Plans to renovate Tunitas Creek Beach gained approval Tuesday, paving way for development of the county’s first beachfront park while respecting the area’s natural state.

“This is going to be a great asset to our parks, and to the people of San Mateo County and probably the people of the whole Bay Area,” said Supervisor Don Horsley during Tuesday’s Board of Supervisors meeting. “I think it’s going to be a place many, many families will enjoy.”

Having called the area, “sort of a disaster area,” Horsley praised the Parks Department and its partner Peninsula Open Space Trust for its vision plan.

In 2017, POST purchased the 58-acre beachfront property south of Martins Beach but north of San Gregorio for $5 million. The nonprofit sought $10 million in donations to fund both the purchase and restoration of the beach which would cost the county an additional $10 million over 10 years to manage.

Site renovations would involve limited development to preserve the natural state of the beach. Visitors will have access to a 1.5-mile loop trail, multiple overlook points, rest stops, a picnic area and additional overlook seating. Trail access will also feature Americans with Disabilities Act accommodations.

Paved parking will provide space for 65 cars including five ADA stalls, just off of Highway 1 as well as a bus loading and unloading zone and day parking for RVs. Bike parking will also be provided though suggested locations have not been identified.

“This being one of the jewels of the coast is going to end up being … a very popular destination,” said Supervisor Warren Slocum, primarily concerned for RV travelers up the coastline. “I think we need to be mindful of those travelers also.”

Recognizing the site’s vulnerability to sea level rise and bluff erosion, plans propose staging amenities higher up on the bluffs.

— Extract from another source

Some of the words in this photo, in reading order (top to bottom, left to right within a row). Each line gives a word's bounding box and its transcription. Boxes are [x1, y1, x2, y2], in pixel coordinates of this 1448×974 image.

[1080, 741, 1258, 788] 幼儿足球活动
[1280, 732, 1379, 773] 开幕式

A ranger station and restrooms located near the center of the bluff will also be moveable prefabricated structures, allowing the site to be reconfigured if need be.

The beach is also a nesting ground for the federally protected western snowy plovers, a small pale bird often disturbed by human beach activity, hindering the species ability to nest.

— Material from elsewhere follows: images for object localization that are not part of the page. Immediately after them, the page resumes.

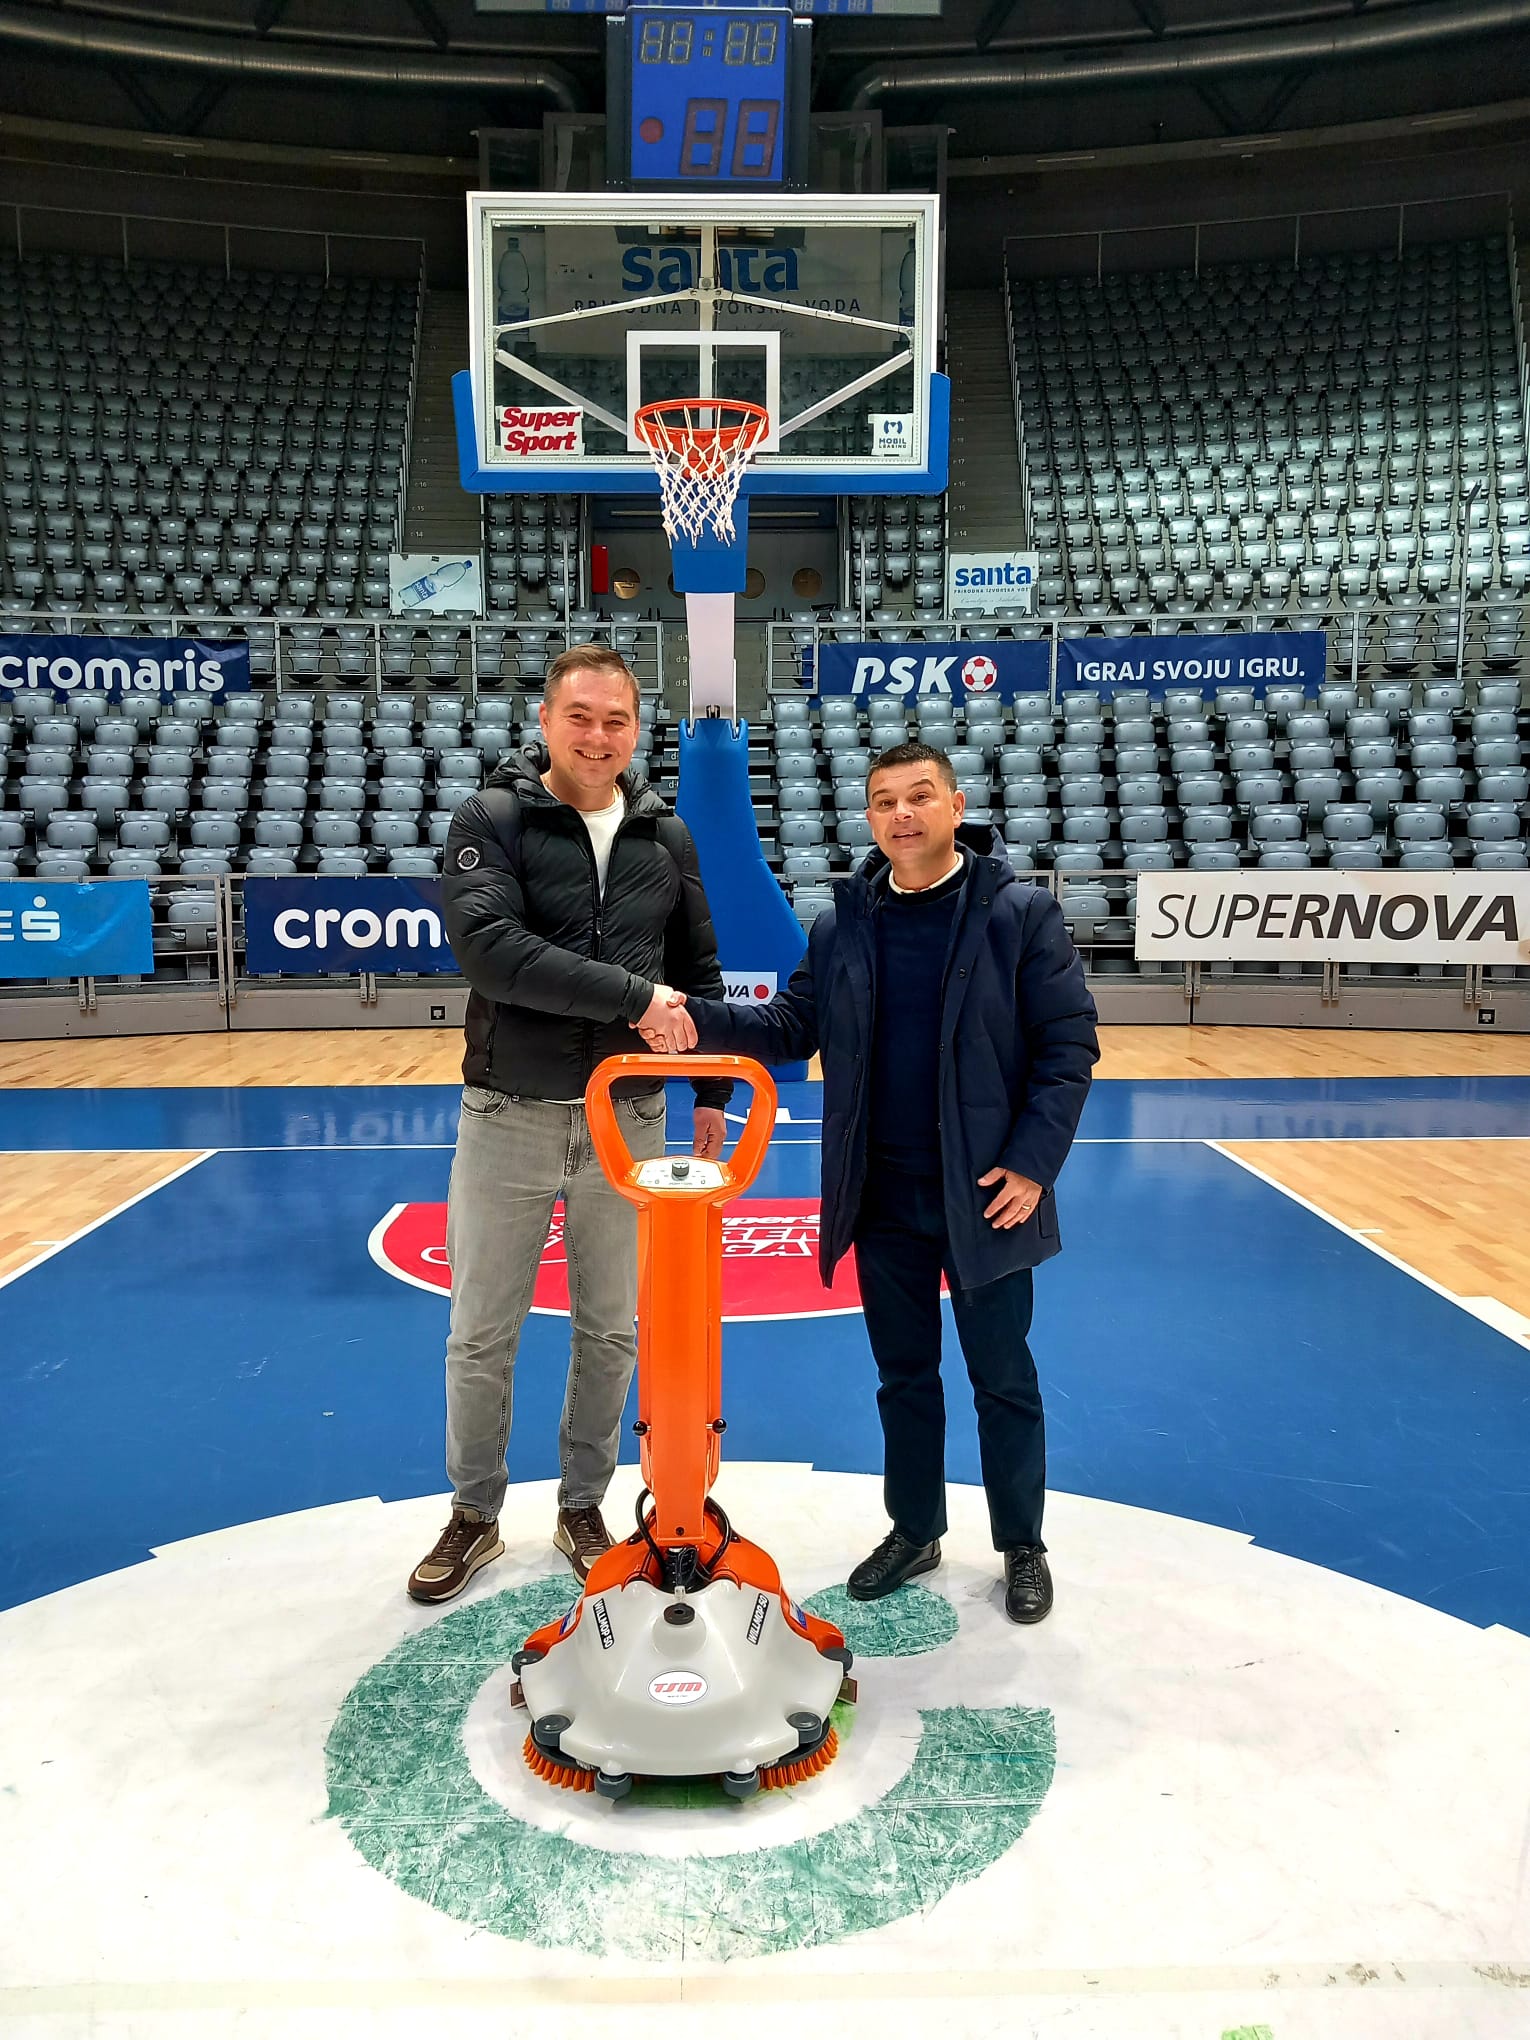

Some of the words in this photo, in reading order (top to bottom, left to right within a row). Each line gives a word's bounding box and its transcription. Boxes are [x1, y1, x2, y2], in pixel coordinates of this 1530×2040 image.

[501, 408, 581, 431] Super
[504, 431, 577, 455] Sport
[955, 562, 1031, 586] santa
[0, 649, 224, 691] cromaris
[851, 656, 958, 694] PSK
[1076, 660, 1145, 682] IGRAJ
[1152, 658, 1234, 680] SVOJU
[1239, 656, 1306, 679] IGRU.
[273, 908, 450, 949] crom
[1151, 893, 1520, 941] SUPERNOVA
[594, 1600, 611, 1637] WILLMOP
[603, 1634, 613, 1648] 50
[747, 1604, 765, 1644] WILLMOP
[758, 1594, 768, 1608] 50

Interested in protecting the birds, the Parks Department has proposed installing a boardwalk around the nesting site that would allow visitors to observe from a safe distance while leaving the habitat undisturbed.

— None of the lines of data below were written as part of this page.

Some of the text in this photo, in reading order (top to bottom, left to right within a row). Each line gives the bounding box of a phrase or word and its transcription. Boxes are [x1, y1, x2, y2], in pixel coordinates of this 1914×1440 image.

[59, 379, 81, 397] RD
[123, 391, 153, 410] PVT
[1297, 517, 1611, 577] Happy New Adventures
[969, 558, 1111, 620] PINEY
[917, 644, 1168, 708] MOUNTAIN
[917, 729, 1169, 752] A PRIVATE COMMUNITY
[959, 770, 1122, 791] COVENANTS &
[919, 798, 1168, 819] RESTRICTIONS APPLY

“I really like the way it’s relatively low touch on the site but yet you can have these different experiences,” said Supervisor Dave Pine. “I can’t wait to see this completed and to visit it.”

Additionally, programming would be developed to educate the public on the land’s native history, once used as a seasonal village by the Ohlone for centuries and as an ocean shore railroad site. Interpretive signs and an Indigenous Peoples land acknowledgement plaque will also be erected, detailing the area’s history.

Next, the proposal will undergo an environmental review. Additional community meetings will be hosted throughout 2021 with full design plans, specification and estimates being completed by the winter. Construction is slated to begin spring 2022 with a grand opening following in spring 2023.